A advogada Célia Amaral de Assis Moura, de 68 anos, apostou na eutonia pra resolver um problema de dor na região cervical. “Eu já tinha procurado um médico, mas ele não constatou nenhum problema na coluna”. Ela diz que a terapia fez mais do que o esperado. “O resultado da eutonia me surpreendeu. Melhorei das dores e aprendi a conhecer o meu corpo porque os exercícios não ficam circunscritos à região que apresenta o problema”, explica Célia.

A empolgação com o tratamento foi tanta que a advogada foi além e passou de paciente à aluna da técnica. “Fiquei tão entusiasmada com a prática dos exercícios que freqüentei um curso sobre eutonia na PUC (Pontifícia Universidade Católica). E continuo a praticar em casa, pois ajudam na flexibilidade e proporcionam bem estar”, conclui a advogada.

Nem tudo é moleza – Mesmo com tantos argumentos favoráveis, a eutonia é um dos muitos tratamentos considerados “alternativos”. Por isso, a prática pode envolver críticas e criar polêmicas entre os mais céticos.
A fisioterapeuta Karla Guimarães, de Mauá, que admite não ter muito contato com os métodos da eutonia, considera válida esta curiosidade pelos novos tratamentos. “O interesse por essas práticas novas é justificável. Muita gente acaba atraída por elas por serem, à primeira vista, menos doloridas e exigirem menos esforço do paciente”.

Esta aparente facilidade, entretanto, acaba prejudicando a imagem destes tratamentos. “A ioga é um bom exemplo. É uma técnica que demorou milhares de anos para ser desenvolvida. E, para praticá-la, é preciso dedicação, estudo e comprometimento, o que muitas vezes vai levar ao esforço físico e emocional. Não é só sentar e relaxar uma vez por semana”, comenta a fisioterapeuta.

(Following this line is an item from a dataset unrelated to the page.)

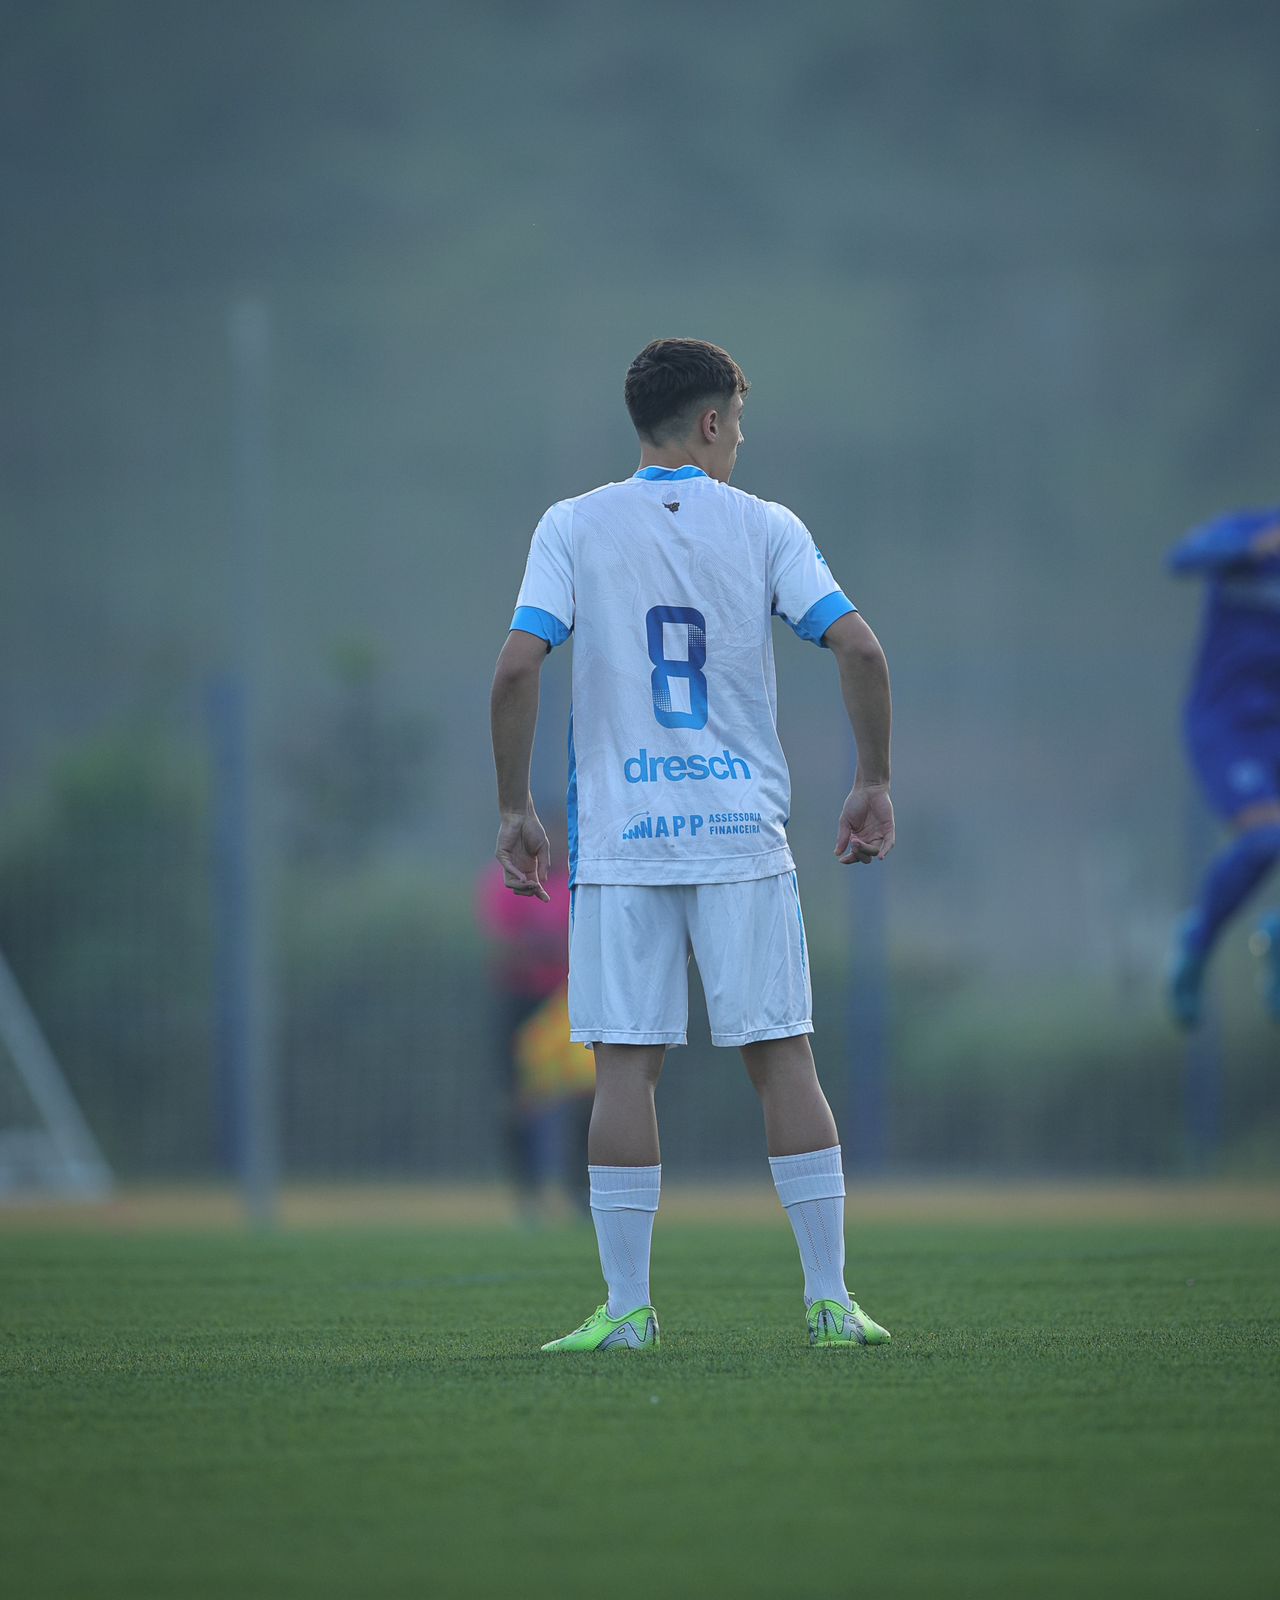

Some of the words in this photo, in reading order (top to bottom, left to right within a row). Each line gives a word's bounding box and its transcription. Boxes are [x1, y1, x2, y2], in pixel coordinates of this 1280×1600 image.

[645, 605, 708, 730] 8
[623, 748, 752, 784] dresch
[708, 812, 762, 824] ASSESSORIA
[709, 824, 761, 835] FINANCEIRA

Qualquer que seja o tratamento, a fisioterapeuta diz que o recomendável é procurar profissionais com experiência e formação teórica adequada. “Muitos instrutores, buscando uma aceitação de um maior número de praticantes, acabam desvirtuando as técnicas originais, com isso o tratamento acaba não gerando o resultado esperado, o que frustra o paciente e acaba prejudicando a imagem das técnicas novas”, conclui.